I think I've come just come across a Facebook bully page that someone from College has put up there. I'm not mentioned on it personally, there's nothing on there that suggests anything about me at all, other than the fact paranoia is now ringing alarm bells in my head and I'm probably going to be checking it a lot now to see that there is nothing about me...sigh. Nevertheless, it's giving me a bad feeling and there's some things mentioned on there about people I know in person that's making me uncomfortable. I've reported it, but heck, Facebook seems to be crap at dealing with reports like that. It's a toxic world, Facebook.
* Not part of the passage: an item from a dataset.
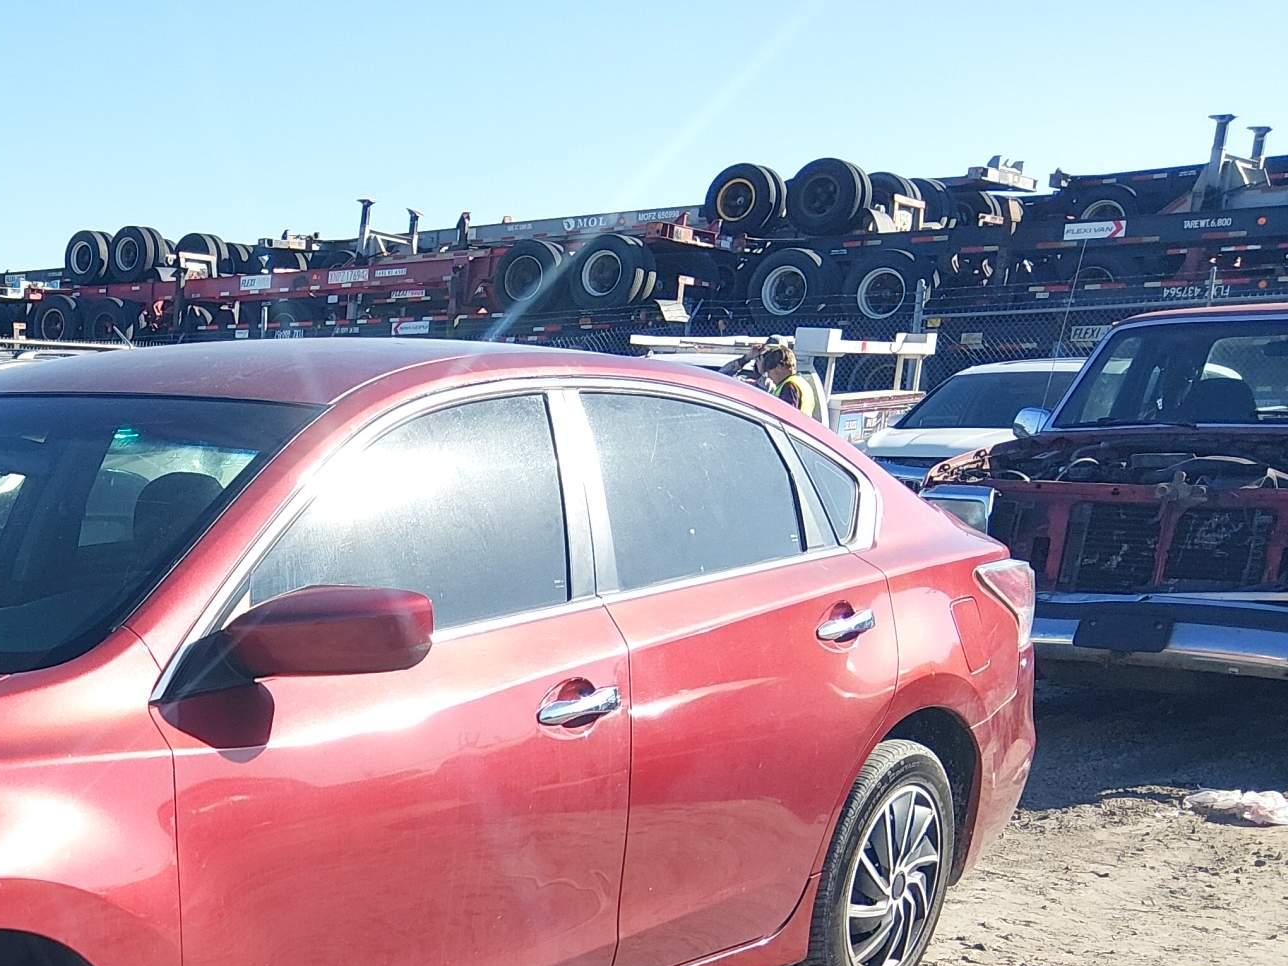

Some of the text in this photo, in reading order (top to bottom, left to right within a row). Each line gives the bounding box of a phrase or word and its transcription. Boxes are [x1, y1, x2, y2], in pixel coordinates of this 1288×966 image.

Why do people do this? Why do people have to be so mean and immature like this? It's only a few days old and there's already 500 people liking it, again, some the parents of people I know, some friends of mine, tutors even...and it's sick. I once saw evidence that a similar page was made mocking me back in school, and I've seen some not so nice comments about me on Facebook. There's "This is the funniest page ever" being said on there and it's just sick. Maybe I'm being over sensitive...but heck, I've learnt a lot lately. I guess that's because of my situ at the moment. Which is not well at all, and slightly unstable.
Jesus, making fun of the people who attend the Learning Support at school? I did. Because it was empty, quiet, and back at school they were well aware of my anxiety and so I hit there, even though the place was kinda depressing. But heck, I'm at home right now with bipolar disorder, and although that's not a learning disibility or anything, and I don't have anything like that...Is it really any different? Making fun of someone for something that isn't there fault? It's sick, really.